Vlaとは、そう、オランダの味、リンブルフセ・フラーイ(de Limburgse Vlaai)のこと。では、リンブルフセ・フラーイって、どんなものなのでしょう?文字通り解釈すれば、それはオランダはリンブルフ州で作られた焼き菓子ということ。もちろん現在では、スーパーやパン屋さんに行けばオランダ全国どこでも買えるようになってますが.....。もう少し詳しく描写させていただけるのならば、リンブルフセ・フラーイとは、直径28センチのタルト型で生地を焼き、そのトッピングに季節の果物や甘く煮たライス、プディングなどをのせた焼き菓子、と言ったところでしょう。
次にその歴史についてちょっと見てみましょう。リンブルフセ・フラーイとはいつ頃からこの地方で焼かれるようになったのでしょうか?古代ローマの記録によると、
"ゲルマン人は細かくすりつぶした穀物で平らな焼き菓子を熱した石の上で焼き、フルーツのムース(flado)を塗っていた。"

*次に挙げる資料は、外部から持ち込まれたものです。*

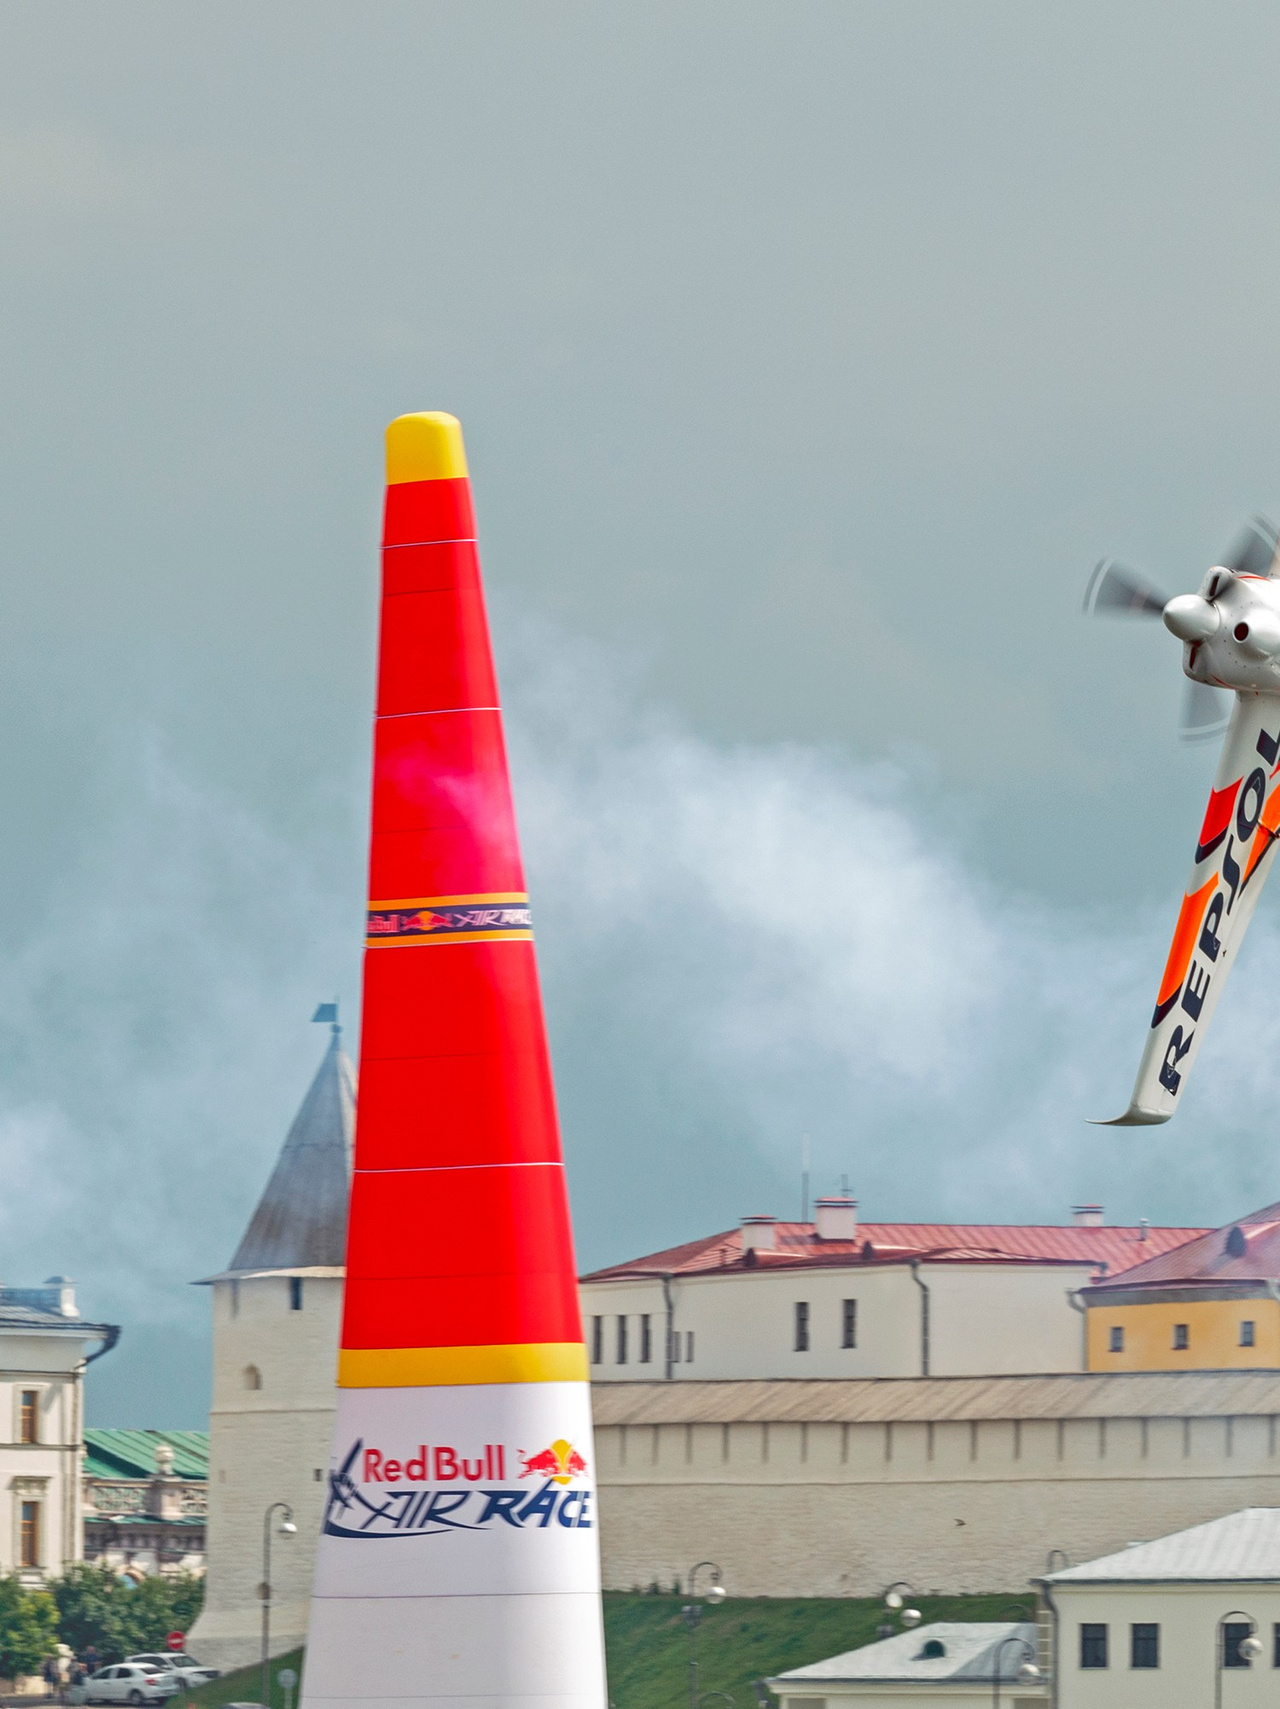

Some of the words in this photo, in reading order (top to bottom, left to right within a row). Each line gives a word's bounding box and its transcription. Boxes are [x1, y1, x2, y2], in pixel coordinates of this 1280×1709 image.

ということです。ただし、これがリンブルフセ・フラーイの原点になっているかどうかは、はっきりとしていないようです。おそらくこの時代はパンとして食べていたものを、よりおいしく食べようと工夫して、そのパンの上にはちみつや果汁を塗るようになったのがいつのまにかフラーイになったのではないでしょうか。いずれにせよ、一般的にはゲルマン時代からの伝統料理とされているようです。
フラーイはリンブルフ州で毎日焼かれていたわけではありません。60年代までは、単に祭事の時のみ食べられていました。リンブルフ州で頻繁に食べられるようなったのは70年代以降です。20世紀に入ると、フラーイ作りの大部分は主婦の仕事からパン屋の仕事へととってかわりました。その間も、主婦が早朝準備した生地とトッピングを器ごとパン屋へと持って行き、再び夕方パン屋にできあがったフラーイをとりに行くという行為は続けられていましたが。パン屋で焼かれるようになったのは、つい最近のことなのです。
フラーイのトッピングにはもともと、季節の果物をのせていました: 夏はスグリやさくらんぼを、秋にはプラム、初冬にはりんごを。果物を手にいれることのできない貧しい人々は、にんじんを加工してフラーイの具にしていました。地域によっては、断食の時に黒色のプラムフラーイのみを食べ、イースターの時には白色のライスフラーイのみを食べるのが習慣になっていました。また、ライスフラーイとバターフラーイは高価なものでしたので、例えば祭りや結婚式、ケルミスなど、特別なときにのみ焼かれていました。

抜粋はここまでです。